The Nintendo GameCube is about to get its due

Before this morning, I knew I was going to buy the Nintendo Switch 2 but I didn’t know when. After watching Nintendo’s Switch 2 Direct today, in which a purple block traced the GameCube’s stylized “G” logo, followed by high-res footage from The Legend of Zelda: The Wind Waker and F-Zero GX and an announcement that they’ll be playable at launch, I realized I’ll be doing my damndest to get it on day one. It was the cherry on top of a stellar presentation that made the console’s $449.99 price tag way easier to swallow.
GameCube games are coming to the Nintendo Switch Online (NSO) subscription’s Classic Game Library feature, which the company is now shortening to “Nintendo Classics.” It lets you play games from the NES, SNES, and Sega Genesis. Like the Game Boy and Nintendo 64 game collections, you’ll need the NSO Expansion Pack for GameCube games. The existing catalog of playable Classic Game Library games is far from complete, but together (and combined with DLC for contemporary Switch games), they make the Expansion Pack well worth it.
The subscription gets even more enticing on the Switch 2, starting before the console even comes out — Nintendo is prioritizing long-time subscribers (with certain caveats) when it sends out Switch 2 preorder invites. The Expansion Pack will also let you play the Switch 2 editions of Zelda games Breath of the Wild and Tears of the Kingdom (provided you own their respective Switch 1 versions).
But the GameCube games are what I’m most excited about.
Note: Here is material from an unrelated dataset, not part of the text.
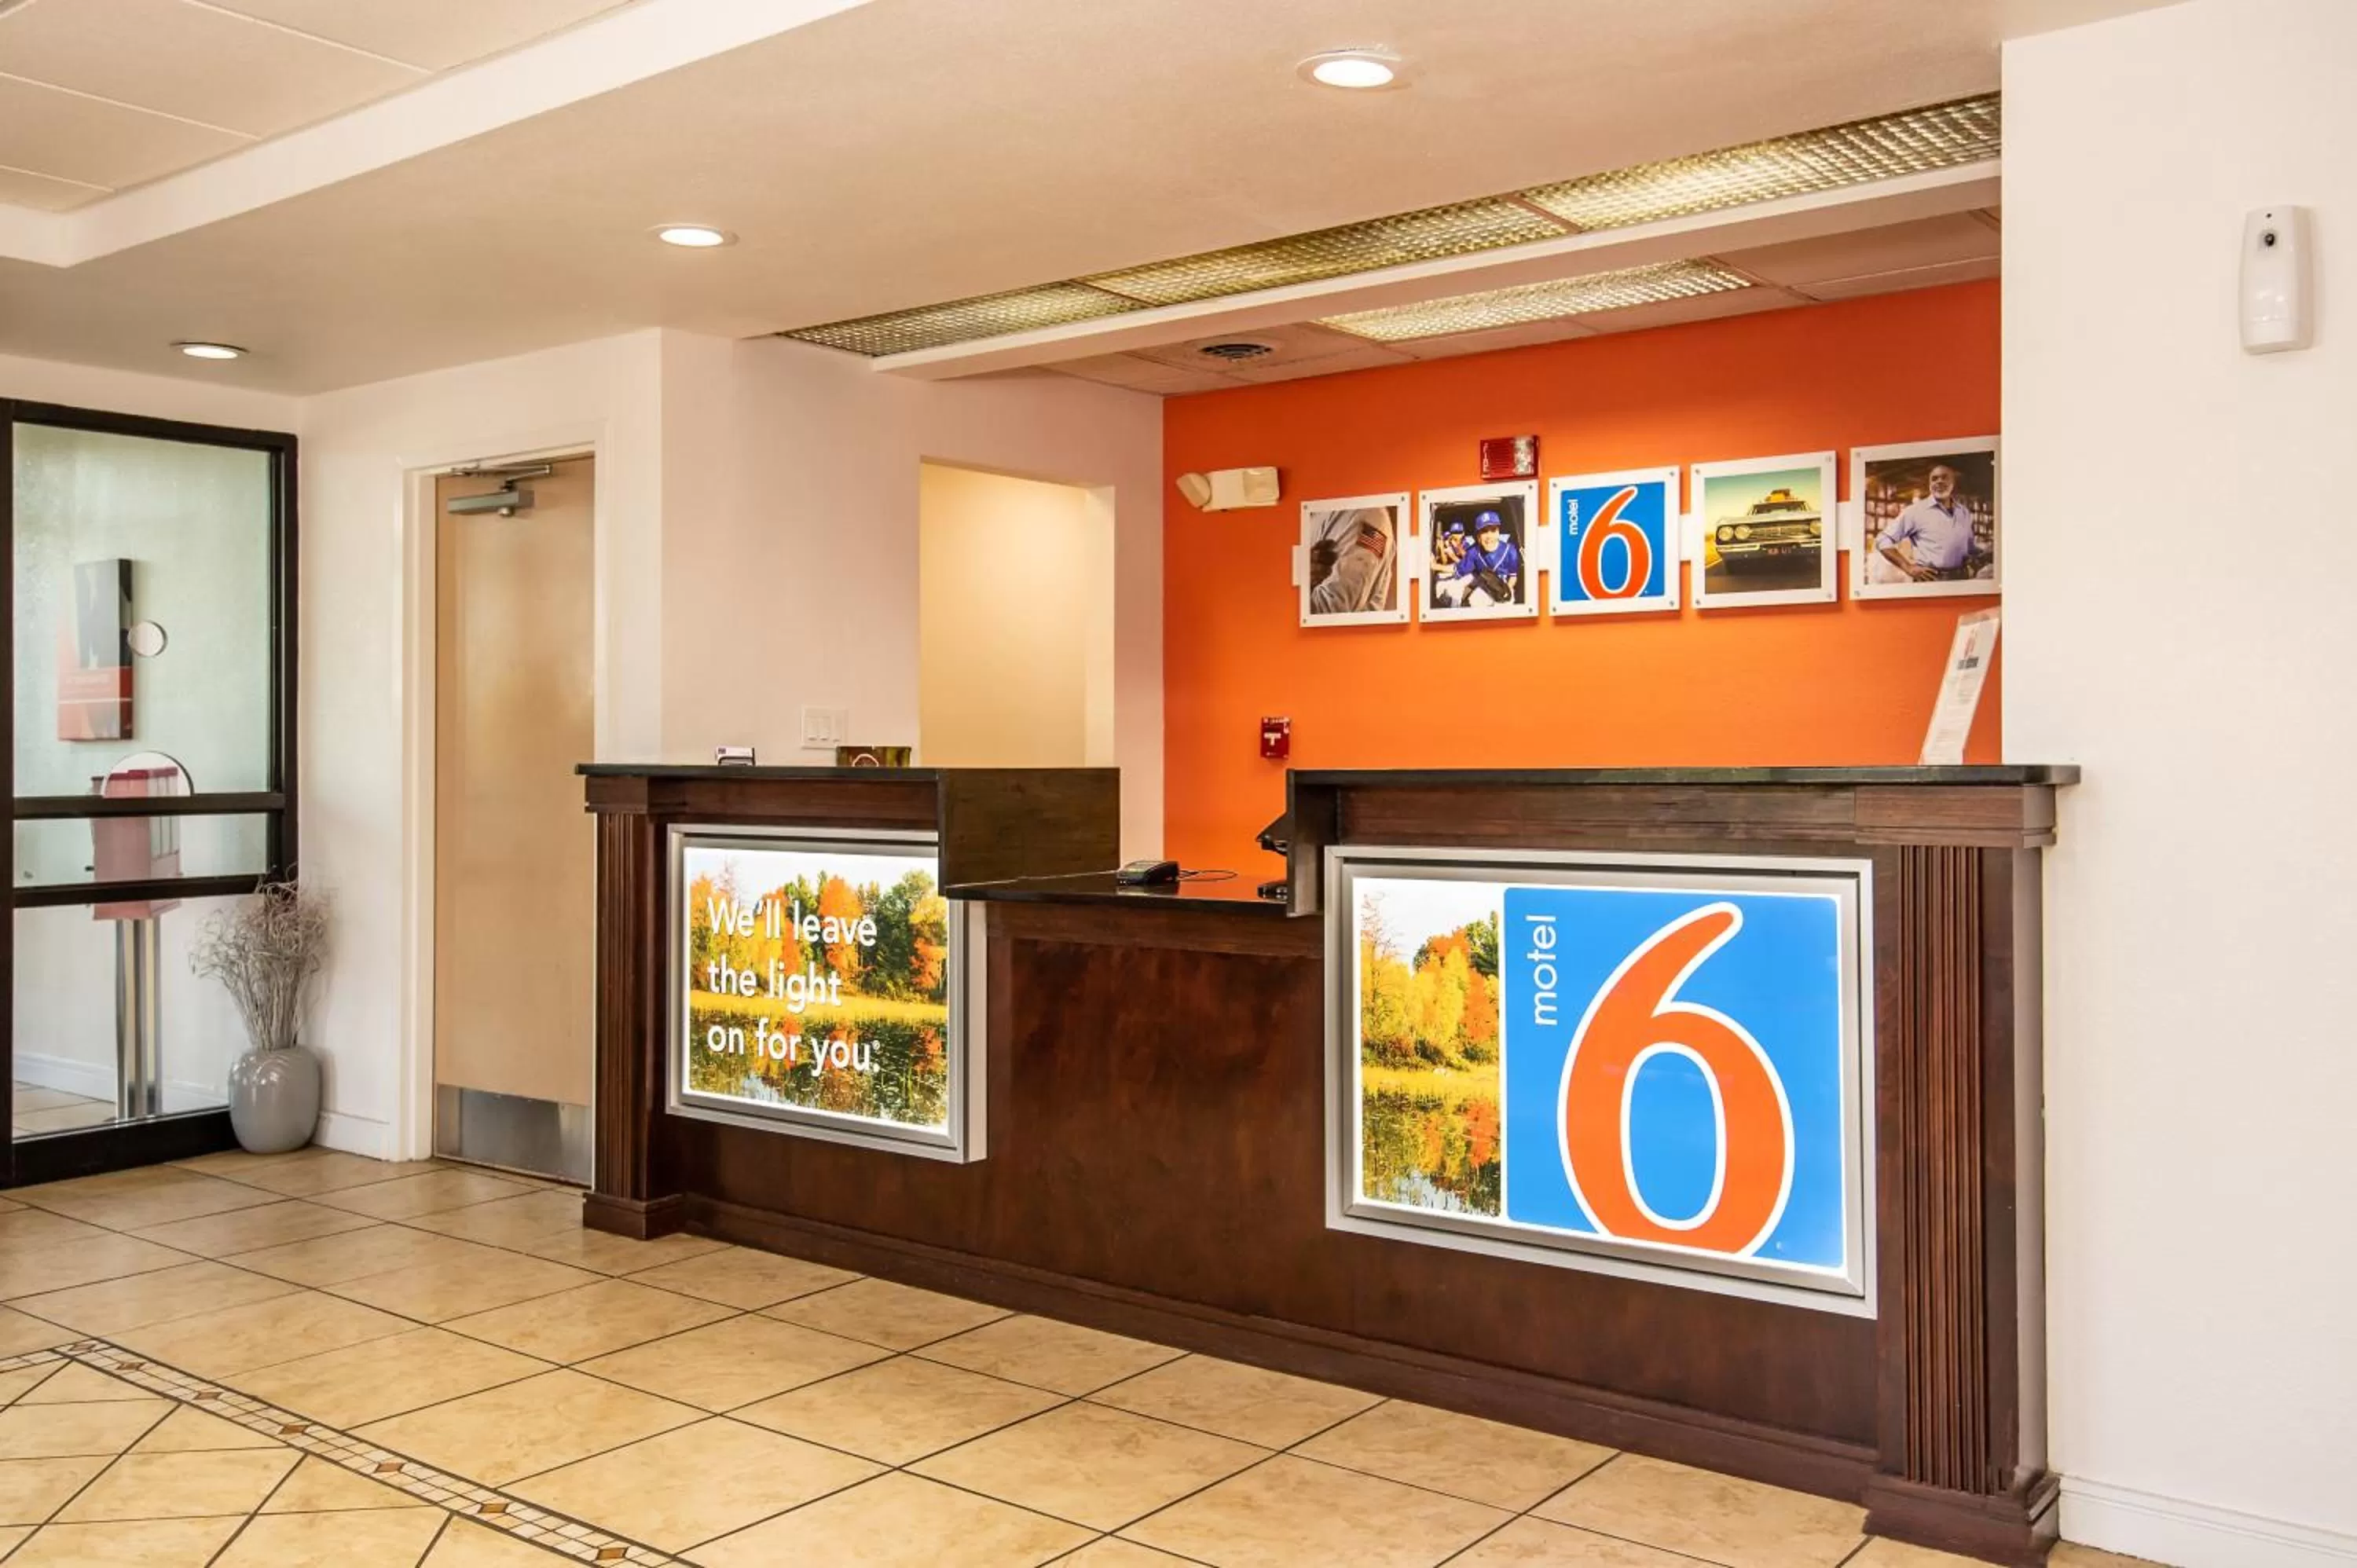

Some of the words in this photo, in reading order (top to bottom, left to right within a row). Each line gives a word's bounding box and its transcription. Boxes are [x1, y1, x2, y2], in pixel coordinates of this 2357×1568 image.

I’d love for the Wii U’s Wind Waker HD to get a Switch re-release, but the GameCube version is still one of the most beautiful games I’ve ever played and looks great in Nintendo’s trailer for it. So does F-Zero GX, a game with such well-executed style and tight control that I would pit it against any futuristic racer today. The Switch 2 is also launching with Soul Calibur II, a game that featured adult Link as a playable character in his post-Ocarina of Time fighting-people-for-sport era.
The company flashed a few other re-releases coming down the line, like Super Mario Strikers and Chibi-Robo!, in the latter of which you play a tiny, toothbrush-armed robot tasked with cleaning up a very messy house. It’s way more fun than it sounds, and gives me hope for what Nintendo could announce. There are some excellent, but more obscure gems that never really leapt beyond the GameCube, like the creepy, Lovecraft-inspired Eternal Darkness: Sanity’s Requiem and Cubivore, in which you play a small, wild cube trying to bring color back to the world by eating other boxy creatures, winning the chance to mate, die, and be reborn over and over again until you’ve become the fittest survivor of them all.
And all of these will be playable with a forthcoming wireless recreation of the GameCube controller, as they should be. The GameCube wasn’t an abject failure, but it sold nowhere near as well as the Wii or the Switch. There’s no guarantee that the Switch 2 will keep up the sales pace set by its predecessor, but even if it manages half that console’s sales, it could give some games a well-deserved second look.